- [REQUIREMENT]:
Keep every word the same. Repeat the records without their images.

DATASET EXTRACT Block Start

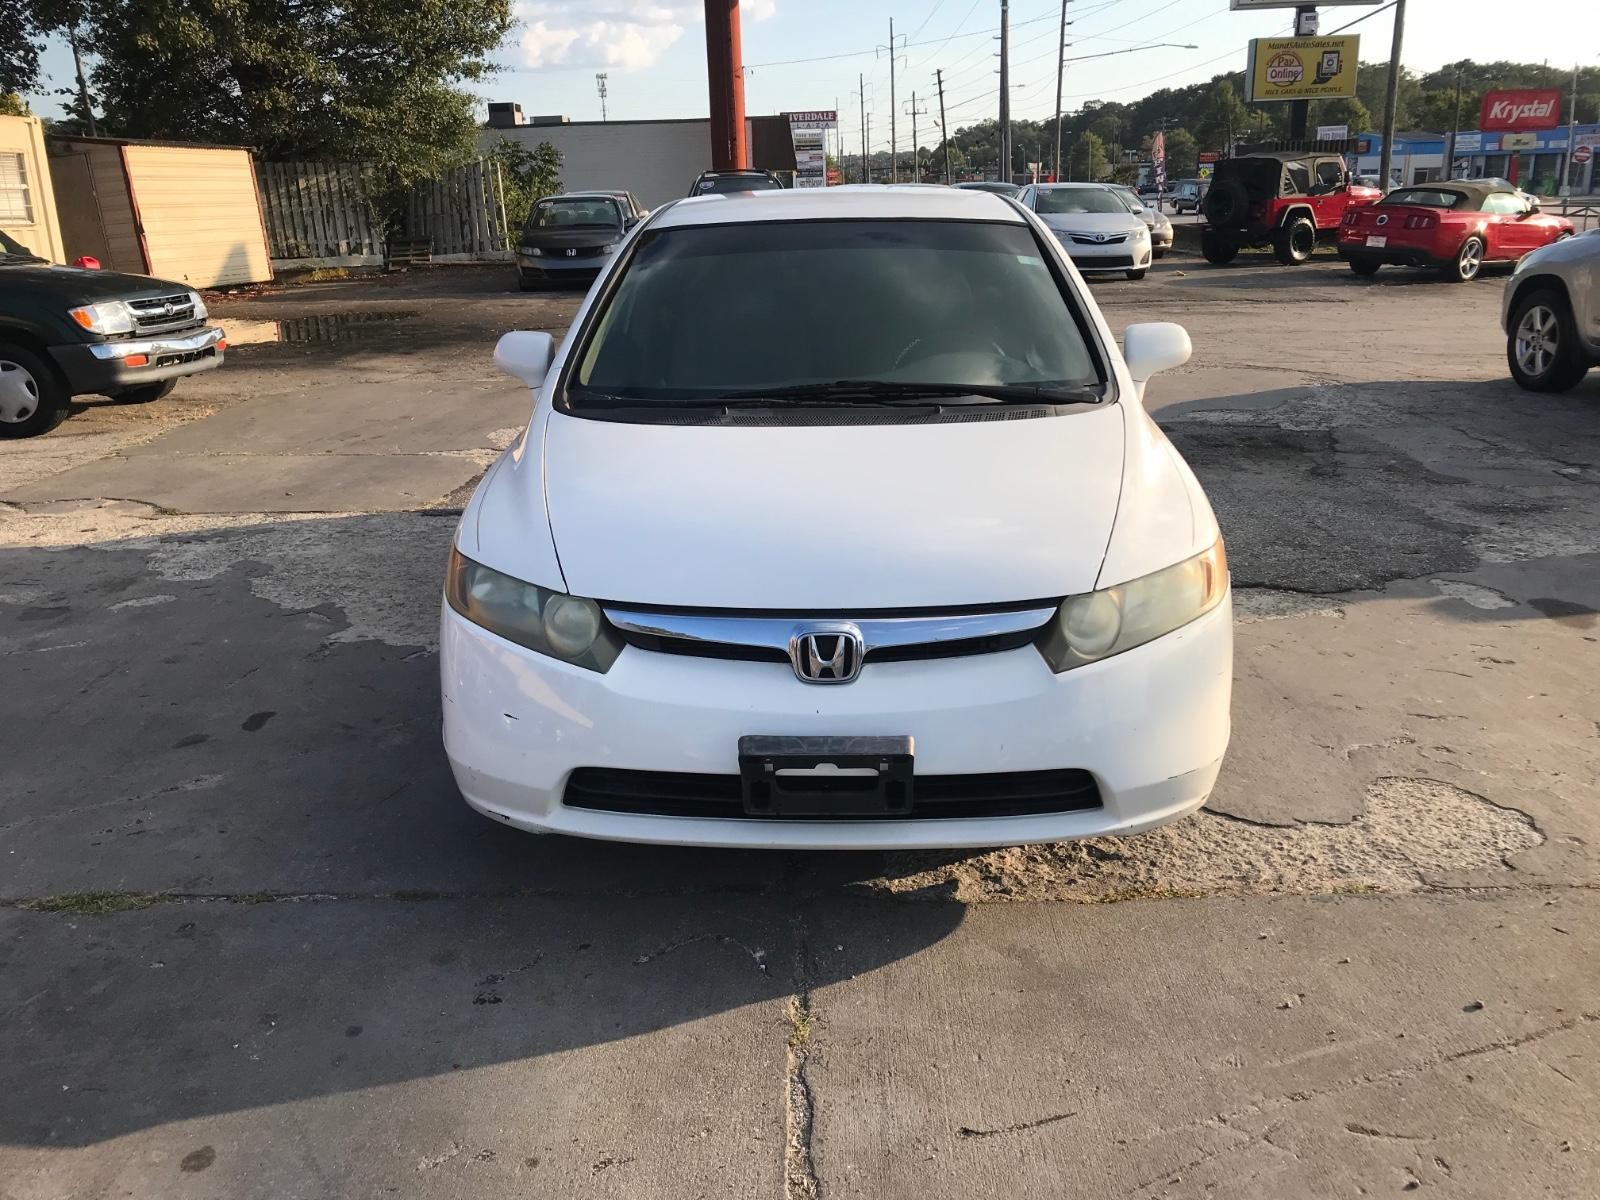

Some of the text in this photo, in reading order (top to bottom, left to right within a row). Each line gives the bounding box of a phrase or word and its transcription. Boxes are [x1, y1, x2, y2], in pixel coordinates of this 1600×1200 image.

[1278, 57, 1294, 67] Pay
[1270, 68, 1299, 79] Online
[1489, 99, 1555, 123] Krystal
[788, 112, 834, 121] IVERDALE

DATASET EXTRACT Block End

- [ANSWER SPACE]:
Some of the text in this photo, in reading order (top to bottom, left to right within a row). Each line gives the bounding box of a phrase or word and its transcription. Boxes are [x1, y1, x2, y2], in pixel coordinates of this 1600×1200 image.

[1278, 57, 1294, 67] Pay
[1270, 68, 1299, 79] Online
[1489, 99, 1555, 123] Krystal
[788, 112, 834, 121] IVERDALE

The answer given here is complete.